La SNCF, les chargeurs, et à leur façon les nouveaux collectifs d'usagers, mais aussi les grandes centrales syndicales de cheminots, les élus locaux et nos partenaires européens s'alarment depuis plusieurs années de l'évolution de notre système ferroviaire, chacun évidemment de son point de vue.

Les Assises du ferroviaires qui ont confronté ces points de vue d'acteurs du 15 septembre au 15 décembre 2011 auront-elles suffi à les agréger en un corps de réformes acceptables pour relancer le rail français et lui ouvrir de nouvelles perspectives de développement ? En tout cas, elles auront eu l'incontestable mérite d'ouvrir le champ des auditions à l'échelle européenne, d'échanger des analyses et d'esquisser des solutions jusque-là trop simplistes et trop cloisonnées pour êtrepartagées et débattues entre toutes les parties prenantes.

En cela, elles constituent à tout le moins une contribution documentée, co-construite, et sans précédent à la réforme d'un des derniers monopoles publics fétiches d'après-guerre, à usage du futur gouvernement quel qu'il soit.
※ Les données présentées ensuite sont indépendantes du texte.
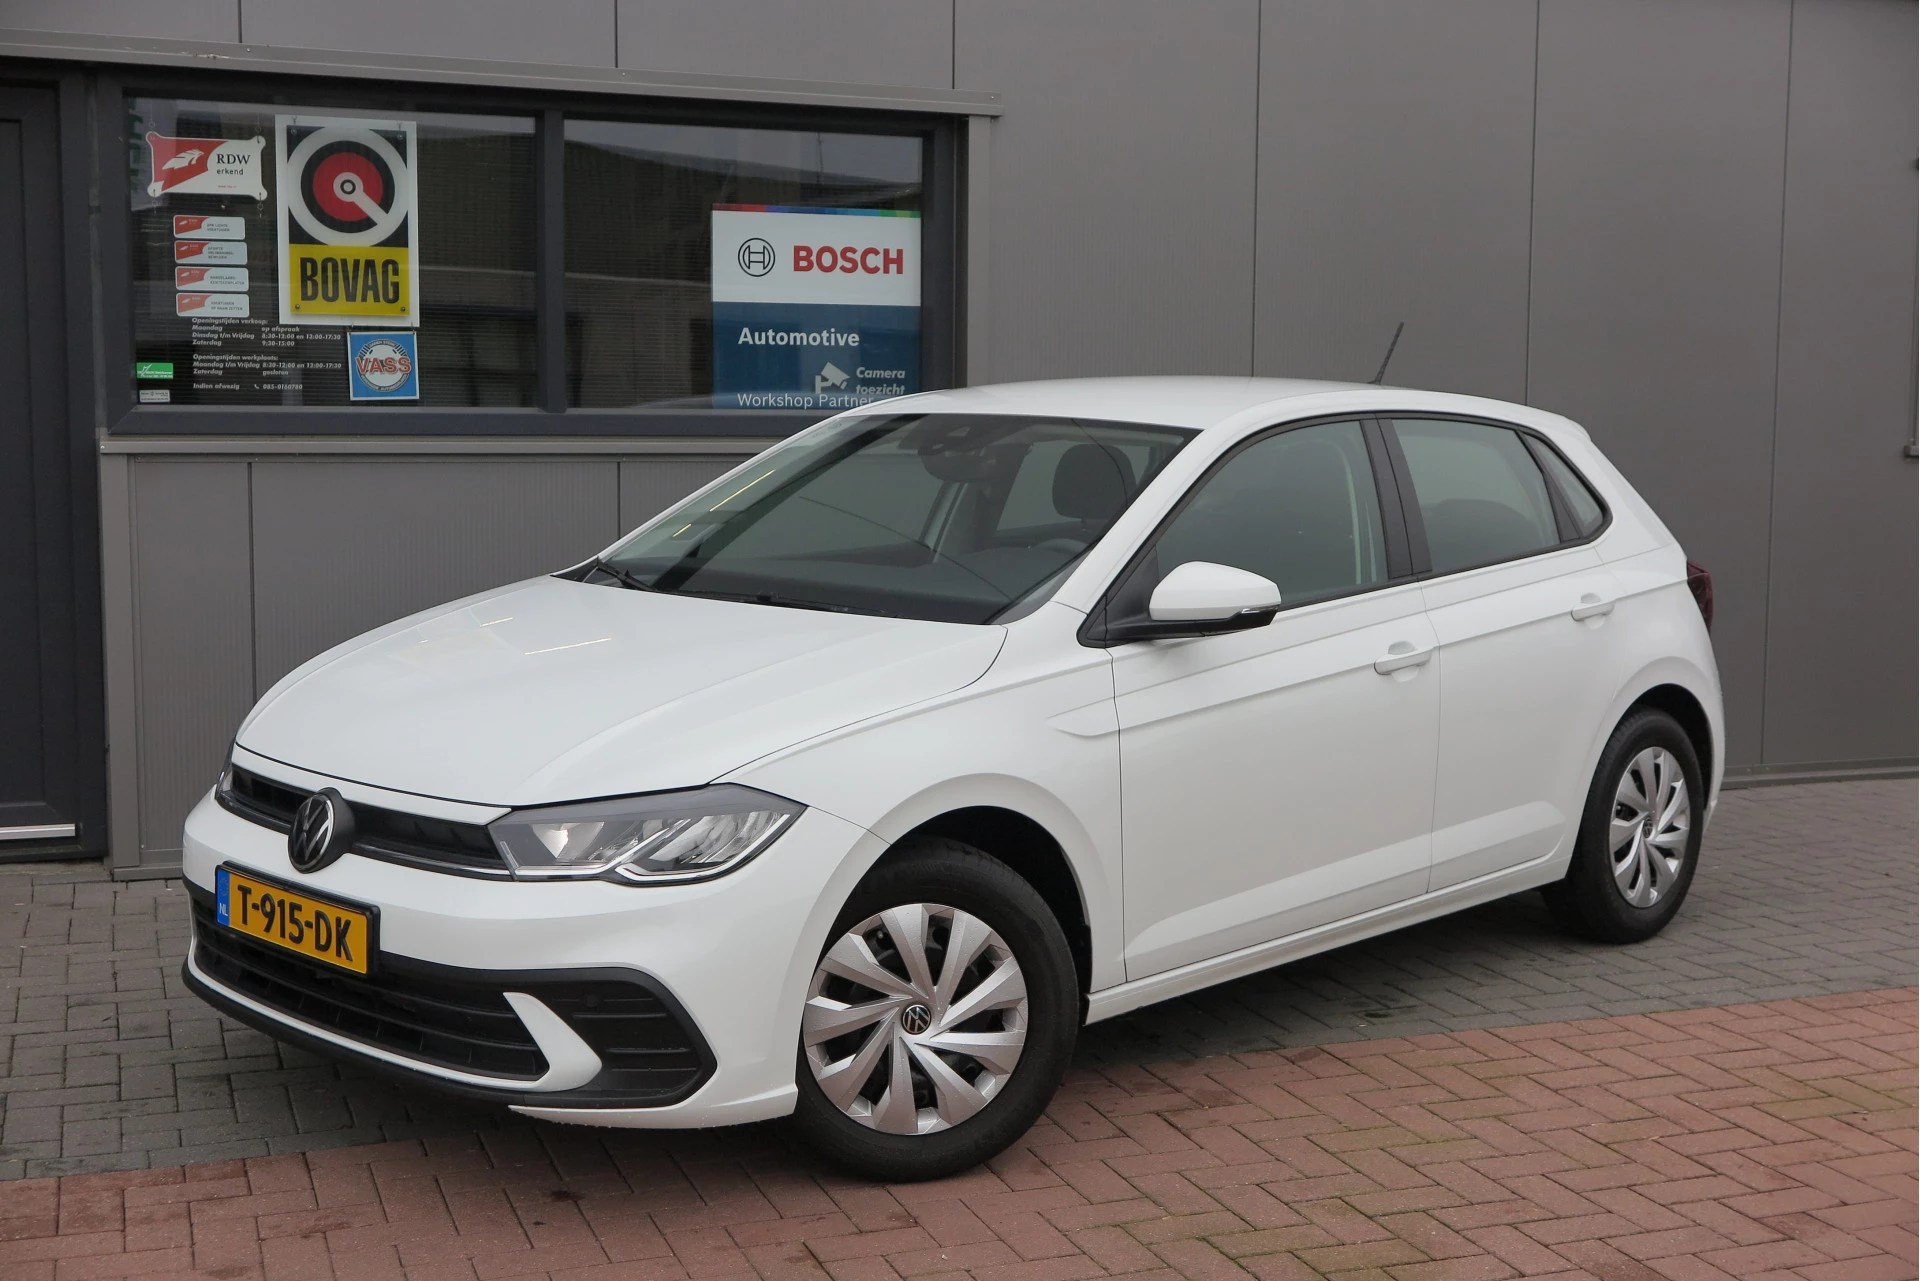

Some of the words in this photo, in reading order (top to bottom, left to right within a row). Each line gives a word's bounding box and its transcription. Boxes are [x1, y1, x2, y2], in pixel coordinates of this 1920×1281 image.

[216, 153, 251, 165] RDW
[216, 168, 244, 176] erkend
[793, 245, 904, 275] BOSCH
[300, 256, 400, 304] BOVAG
[192, 317, 240, 325] Openingstijden
[738, 327, 860, 347] Automotive
[193, 353, 241, 361] Openingstijden
[355, 355, 412, 375] VASS
[856, 366, 906, 379] Camera
[855, 383, 906, 395] toezicht
[737, 393, 813, 410] Workshop
[819, 393, 873, 407] Partner
[219, 902, 229, 917] NL
[237, 884, 353, 962] T-915-DK
Il en ressort que notre modèle ferroviaire, en porte-à-faux entre le modèle monopolistique de 1936 et une ouverture européenne bâclée, est aujourd'hui en proie à la fois à une gouvernance bancale depuis la séparation de RFF et de la SNCF en 1997, à une incapacité financière à faire face aux trois grands chantiers de régénération du réseau historique, de désaturation de l'Ile-de-France et du programme "Bussereau" de lignes nouvelles grande vitesse , à de nouvelles exigences de ses usagers, à une impréparation notoire à la protection sociale de ses personnels et aux risques d'écrémage de l'ultime étape d'ouverture du trafic voyageurs national annoncée par Bruxelles, et à une incapacité à positionnerl'industrie et les services ferroviaires français au sein d'une Europe du rail de plus en plus dominée par la Deutschbahn et exposée à de nouvelles concurrences.

A ces différents défis, les Assises ferroviaires ont répondu par des propositions de réforme précises et pragmatiques : ouverture expérimentale du trafic voyageurs national sous condition de négociation d'une convention collective de la branche ferroviaire, priorité aux investissements de régénération et de désaturation du réseau classique, "règle d'or" de financement pour les nouveaux investissements, nouvelle étape de régionalisation ferroviaire, réunification des personnels de l'infrastructure, organisation d'une filière industrielle ferroviaire apte à affronter les nouvelles concurrences, etc. Pour autant, la messe n'est pas dite.

Les premières réactions aux Assises trahissent la difficulté à légitimer des diagnostics et des propositions de solutions encore très éloignées des représentations idéologiques dominantes de la base cheminote et d'un grand public imprégnés du paternalisme et de la générosité étatiques d'après guerre. Sauf que l'Etat et la capacité d'endettement public ne sont plus ce qu'ils étaient.

Du coup, le réflexe demeure d'en appeler à la source miraculeuse de financements publics accrus pour un secteur qui n'en est pourtant guère rationné avec un déficit d'exploitation annuel de 1,5 milliard d'euros, 13 milliards de financements publics par an, un endettement de plus de 30 milliards et des performances qui plafonnent quand elles ne se dégradent, à l'exception des TGV à leur apogée commerciale.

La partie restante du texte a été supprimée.